Los primeros pobladores
El Prat es el único pueblo cuyo territorio se encuentra íntegramente en el delta del Llobregat, y su historia ha estado siempre marcada por las peculiaridades de su medio natural. El primitivo delta era, antes de que el hombre lo transformara, una vasta extensión de marjales, producto de las condiciones creadas por la acción conjunta del mar, el río y la tierra.
Tras grandes esfuerzos, los primeros pratenses lograron ganar tierras para el cultivo y levantaron sus viviendas. Los más estables serán aquellos que se sitúen más lejos de la desembocadura, en el distrito de la Ribera. Las riadas, el paludismo endémico y las epidemias de cólera serán algunos de los enemigos más terribles a que se deberán enfrentar los pratenses.
Las tierras de El Prat comienzan a ser habitadas hacia el siglo X, mucho antes de la creación del núcleo urbano.
Las primeras edificaciones urbanas
Las primeras edificaciones urbanas tendrán como finalidad abastecer a los agricultores. Recordemos los primeros, situados, todos ellos, alrededor de lo que será la futura plaza: la carnicería (1418), la iglesia (a partir de 1544) y el hostal (1587) que será también taberna y horno de pan (a partir de 1617).

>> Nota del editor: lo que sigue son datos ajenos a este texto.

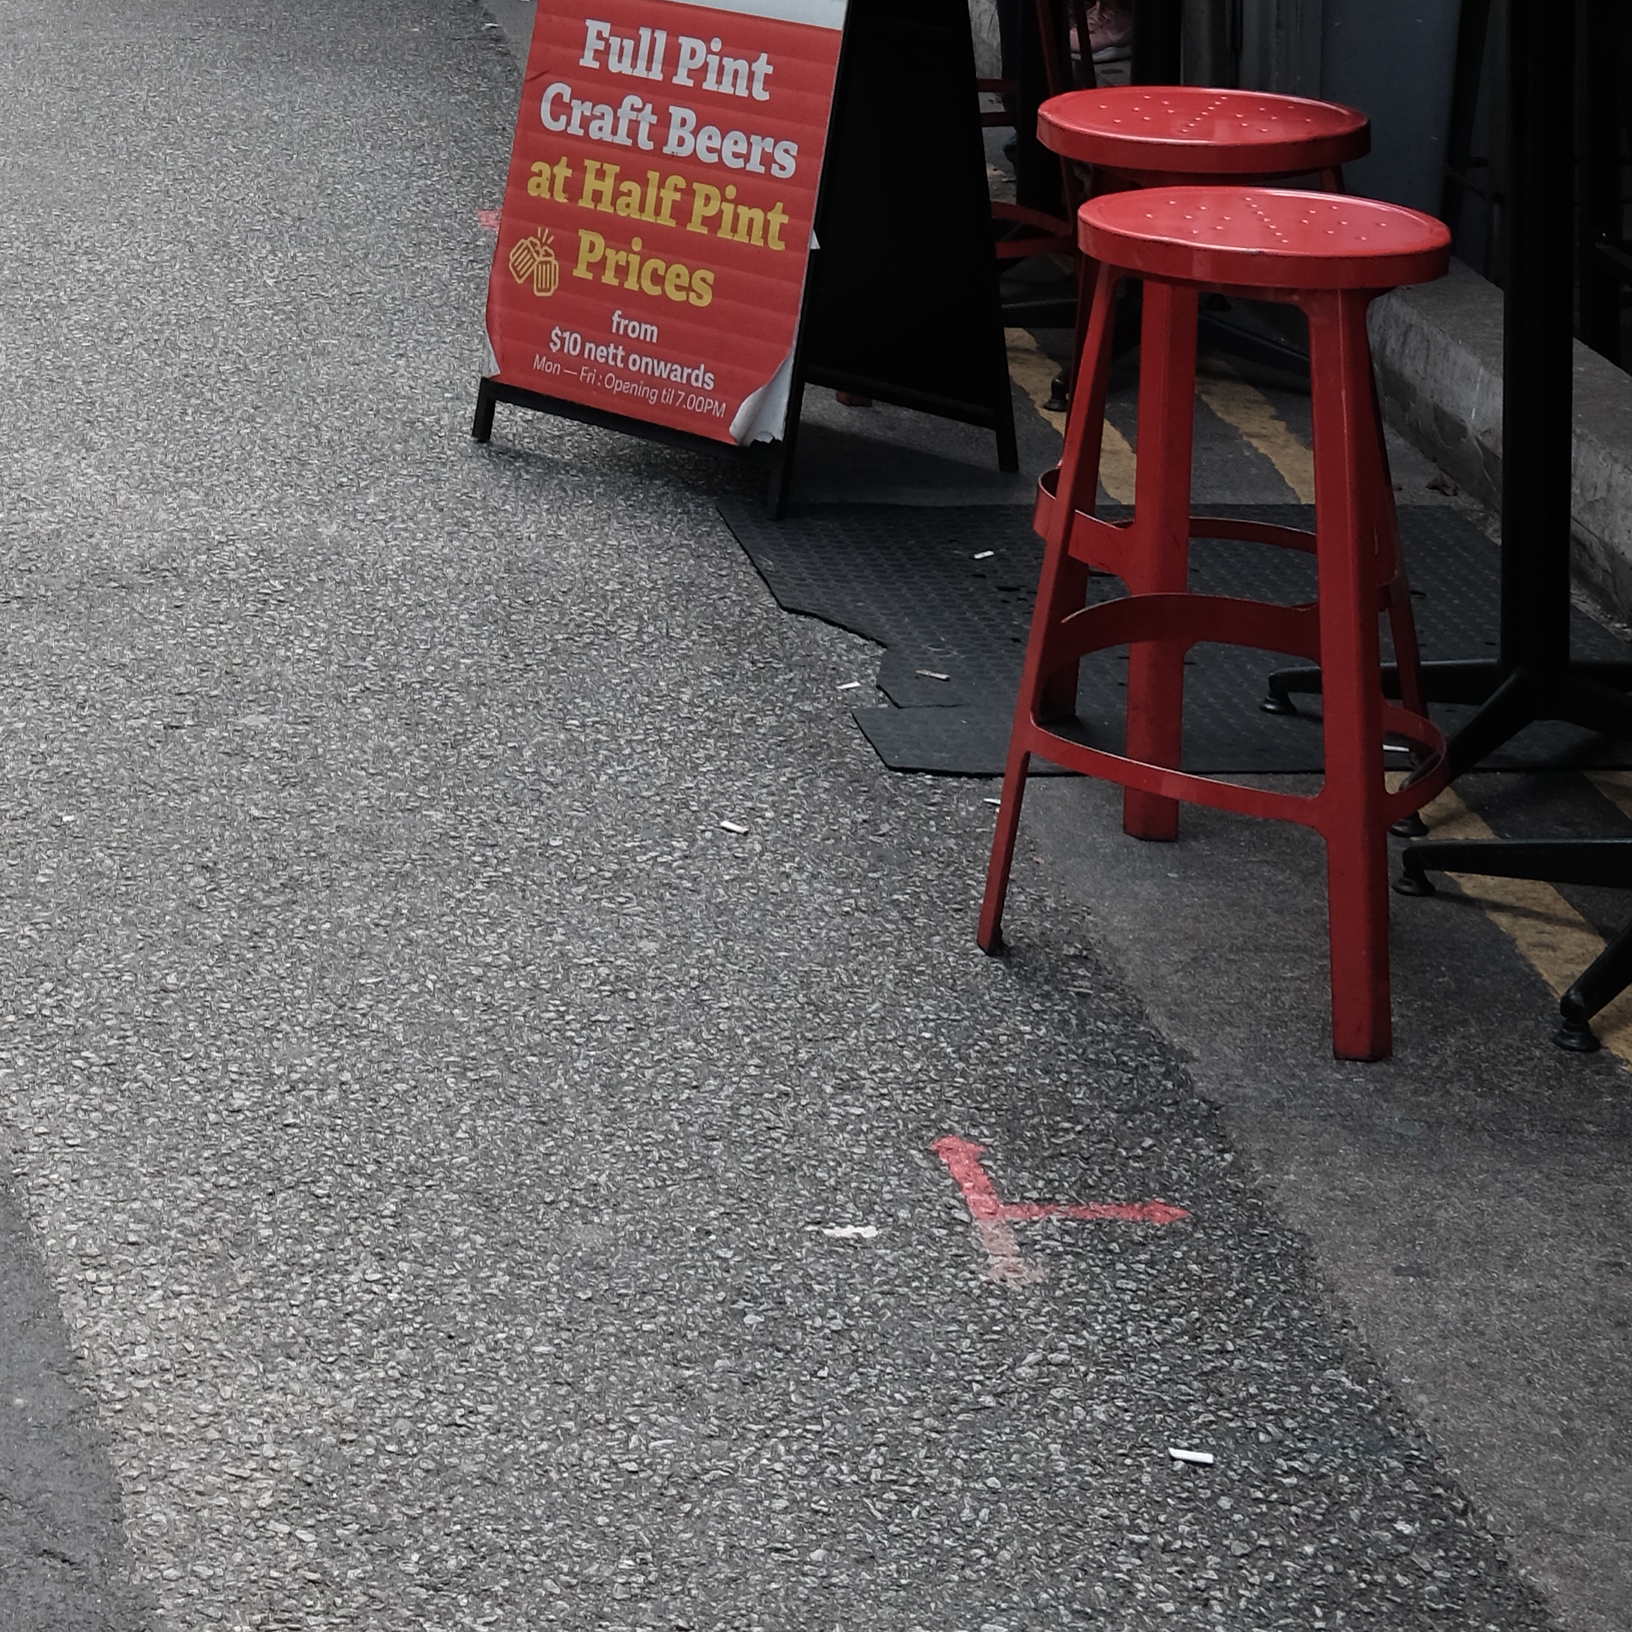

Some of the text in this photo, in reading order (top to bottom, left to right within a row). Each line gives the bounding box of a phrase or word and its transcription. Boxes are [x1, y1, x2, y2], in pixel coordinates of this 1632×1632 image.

[578, 17, 774, 102] Full Pint
[539, 82, 799, 180] Craft Beers
[526, 155, 790, 252] at Half Pint
[572, 228, 716, 308] Prices
[548, 326, 715, 392] $10 nett onwards
[610, 309, 659, 344] from
[532, 352, 561, 375] Mon
[603, 367, 659, 405] Opening
[660, 383, 674, 403] til
[675, 388, 727, 419] 7.00PM

A finales del siglo XVII El Prat todavía no forma poblado pero posee una vida legal independiente con un consejo y unas ordenaciones municipales desde 1689.
La primera calle
El siglo XVII es el del nacimiento de El Prat urbano. Así, entre 1720 y 1740 comienzan a construirse las primeras casas alrededor de los edificios de la plaza. A lo largo del siglo se formará la primera calle del pueblo, el único que habrá durante mucho tiempo: la calle Major. En estas primeras casas se instalarán, sobre todo, modestos artesanos que harán tareas relacionadas con la agricultura. En 1724 llegará el primer maestro de escuela que, a raíz de los bajos salarios, compagina la tarea docente con la de secretario del Consejo Municipal.